GTA generally is pretty good about keeping things close to you around, e.g. looking backwards won't usually remove traffic in front of you. The most obvious case are NPCs that aren't "relevant" anymore, e.g. people that have places around the city that depend on time of day. If their "active" time ends, they'll start wandering off from their location. If you follow one, you can for a long time, but if you then even look away for a split second they'll be removed, presumably because the game tracks them as something it wants to unload after their useful time has ended, but won't do it while you look.
In earlier GTAs like San Andreas there is an explicit difference between "traffic in the distance" and "traffic close by" - the former will be removed if out of sight, doesn't have full-fidelity 3D models, apparently doesn't have physics applied to them, ... Once they get close enough, they get more complete and sticky. (GTA V quite possibly does the same, I just know less about the details there and its a lot less obvious)
Yeah, I think GTA has been doing a good job at handling these things gracefully.
Regarding your second point, I'm not sure if you've seen how it's handled in CP? Basically all roads in the distance have a string of car/headlight sprites (yes, 2D) moving on them.
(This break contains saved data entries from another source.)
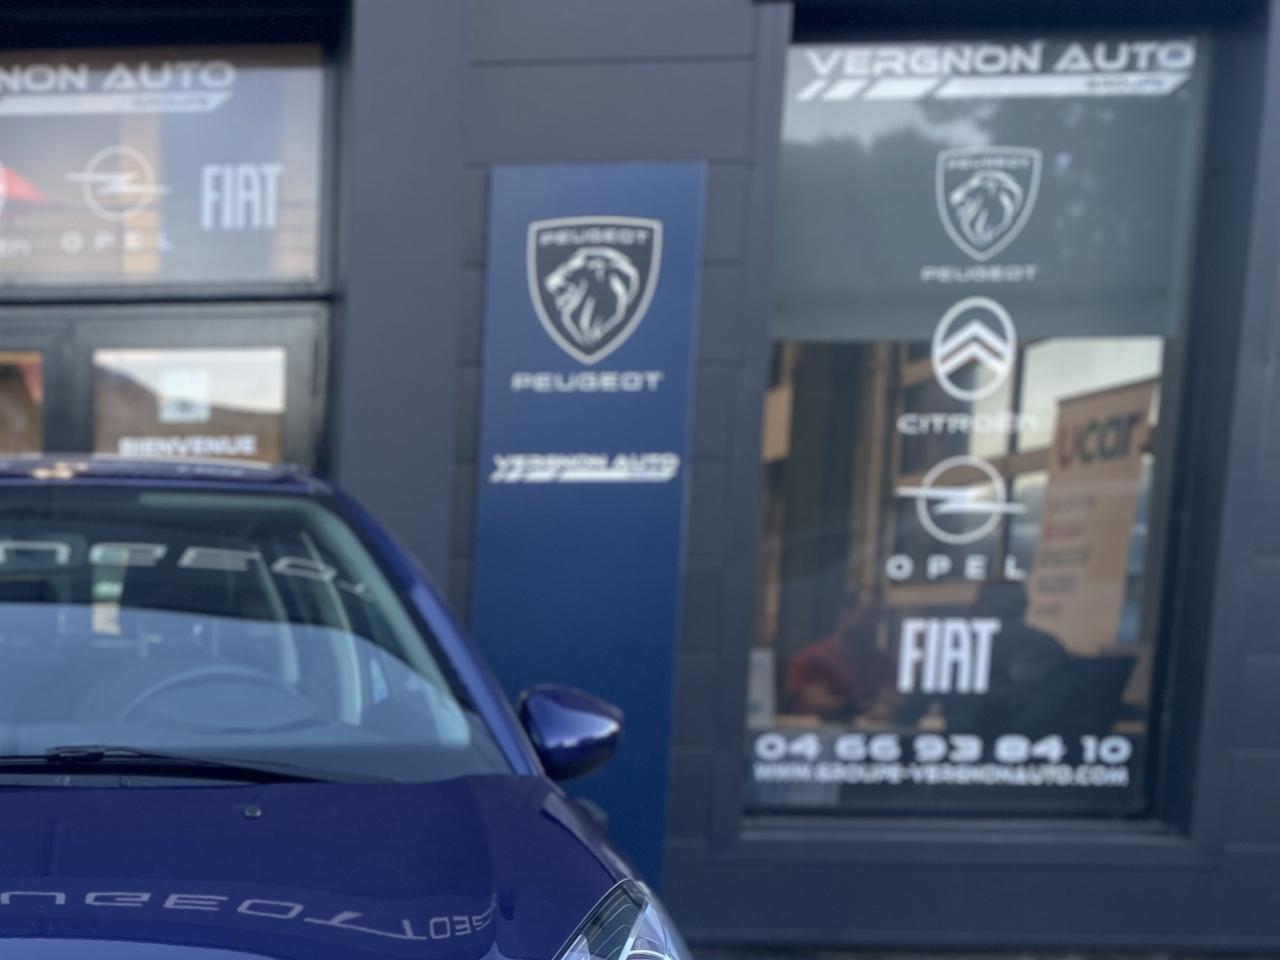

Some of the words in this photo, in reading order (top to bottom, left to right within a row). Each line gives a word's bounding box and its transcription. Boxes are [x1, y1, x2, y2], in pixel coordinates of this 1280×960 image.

[807, 45, 1045, 76] VERGNON
[1055, 40, 1197, 71] AUTO
[102, 61, 236, 90] AUTO
[201, 164, 284, 230] FIAT
[61, 230, 174, 252] OPEL
[539, 228, 649, 246] PEUGEOT
[920, 264, 1040, 283] PEUGEOT
[511, 370, 664, 392] PEUGEOT
[886, 555, 1027, 580] OPEL
[897, 619, 1000, 693] FIAT
[754, 733, 822, 762] 04
[834, 735, 902, 762] 66
[1080, 735, 1133, 764] 10
Makes the world look amazingly populated and alive.
However the density of the sprite cars is much higher than the actual cars (depending on your settings). So when driving on a long road you always seem to be chasing a large group of cars that you can never reach. There seems to be no connection between actual cars spawning in and the sprite based crowd illusion.
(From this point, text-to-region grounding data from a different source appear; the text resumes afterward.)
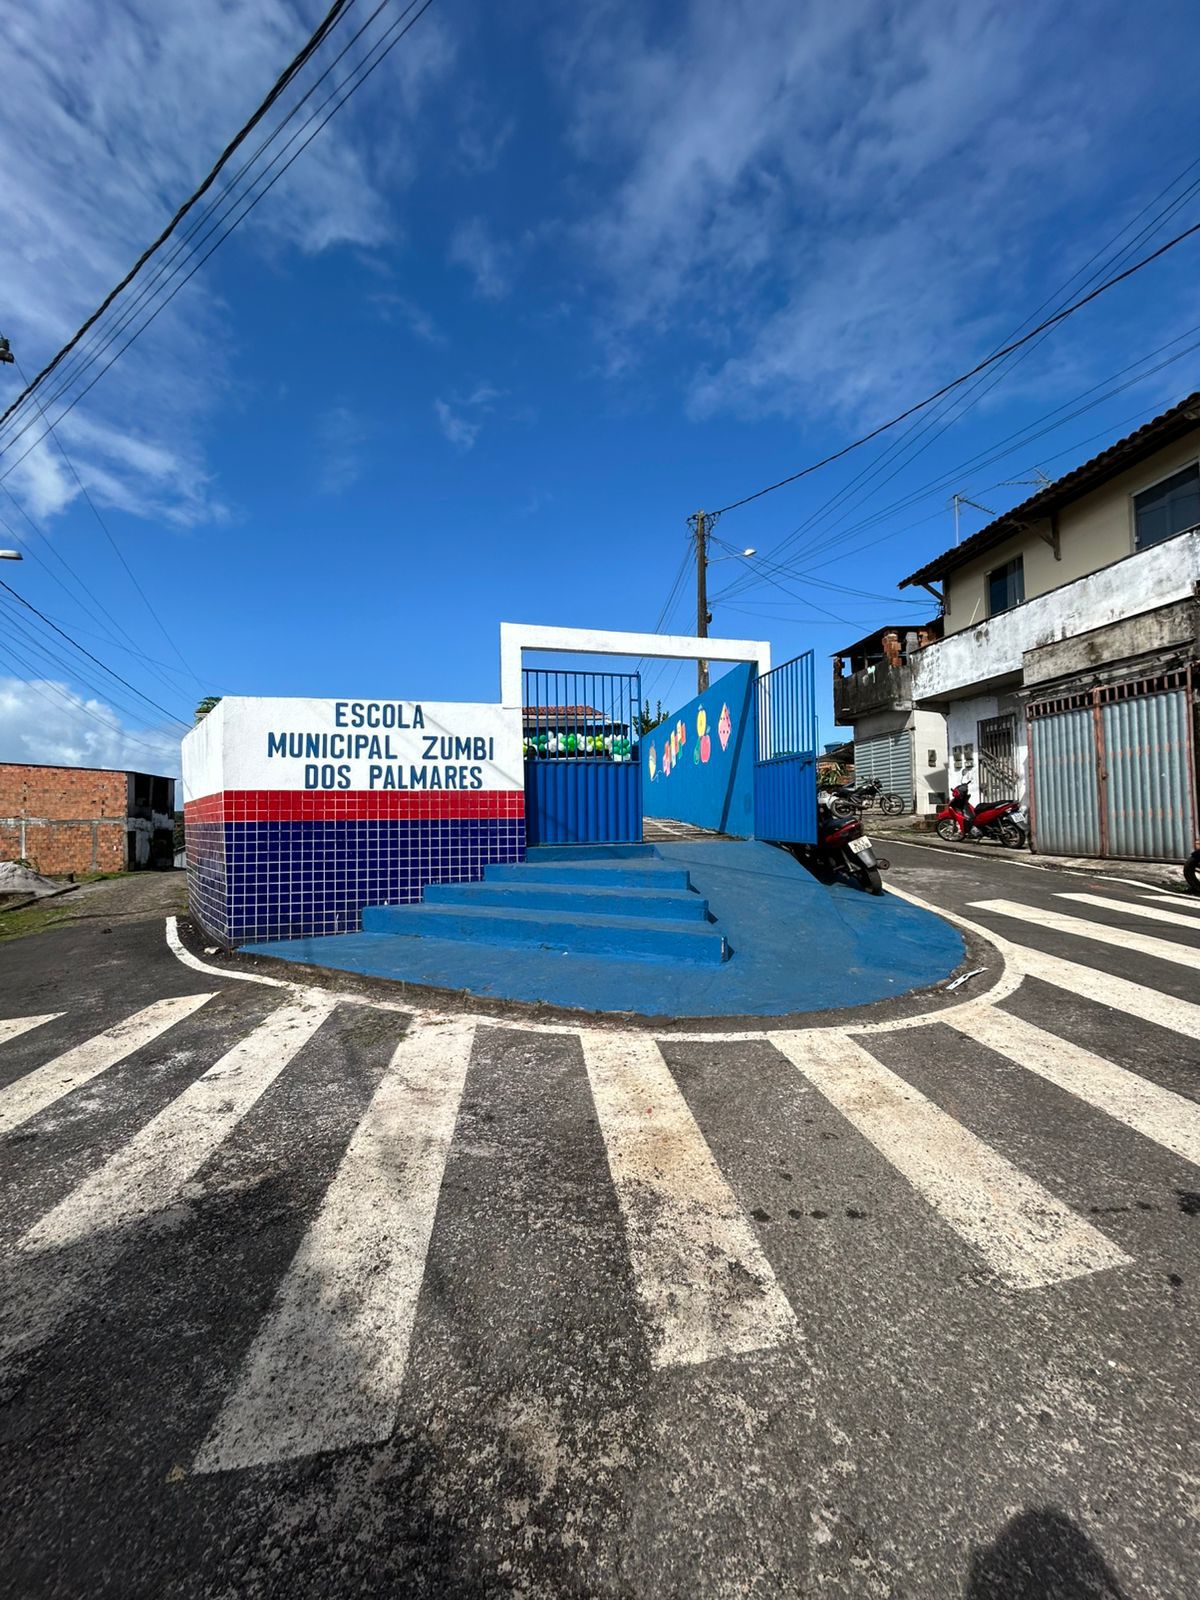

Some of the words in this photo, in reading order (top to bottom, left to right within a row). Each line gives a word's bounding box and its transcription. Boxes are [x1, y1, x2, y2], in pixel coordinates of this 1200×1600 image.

[335, 702, 425, 729] ESCOLA
[267, 732, 398, 760] MUNICIPAL
[422, 735, 494, 761] ZUMBI
[304, 764, 351, 789] DOS
[369, 764, 483, 790] PALMARES
And if you use a scope with good zoom to observe the sprite cars, it looks very funny. Basically you have very obvious Doom faux-3D sprites in an otherwise stunning environment.
In earlier GTAs like San Andreas there is an explicit difference between "traffic in the distance" and "traffic close by" - the former will be removed if out of sight, doesn't have full-fidelity 3D models, apparently doesn't have physics applied to them, ... Once they get close enough, they get more complete and sticky. (GTA V quite possibly does the same, I just know less about the details there and its a lot less obvious)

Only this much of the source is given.